Transcribe the data underneath exactly, keeping every word in place.

#### Source information ####

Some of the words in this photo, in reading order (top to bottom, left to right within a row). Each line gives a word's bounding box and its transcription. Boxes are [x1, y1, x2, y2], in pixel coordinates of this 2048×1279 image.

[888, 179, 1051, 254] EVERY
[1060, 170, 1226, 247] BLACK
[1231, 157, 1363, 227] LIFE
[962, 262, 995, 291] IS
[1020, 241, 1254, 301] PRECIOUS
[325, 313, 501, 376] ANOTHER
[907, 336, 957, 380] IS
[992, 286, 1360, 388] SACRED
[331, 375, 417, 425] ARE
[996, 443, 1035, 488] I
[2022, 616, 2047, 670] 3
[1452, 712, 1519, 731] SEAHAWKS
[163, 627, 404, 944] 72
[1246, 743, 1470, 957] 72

####

■ **Exercise output**
Some of the words in this photo, in reading order (top to bottom, left to right within a row). Each line gives a word's bounding box and its transcription. Boxes are [x1, y1, x2, y2], in pixel coordinates of this 2048×1279 image.

[888, 179, 1051, 254] EVERY
[1060, 170, 1226, 247] BLACK
[1231, 157, 1363, 227] LIFE
[962, 262, 995, 291] IS
[1020, 241, 1254, 301] PRECIOUS
[325, 313, 501, 376] ANOTHER
[907, 336, 957, 380] IS
[992, 286, 1360, 388] SACRED
[331, 375, 417, 425] ARE
[996, 443, 1035, 488] I
[2022, 616, 2047, 670] 3
[1452, 712, 1519, 731] SEAHAWKS
[163, 627, 404, 944] 72
[1246, 743, 1470, 957] 72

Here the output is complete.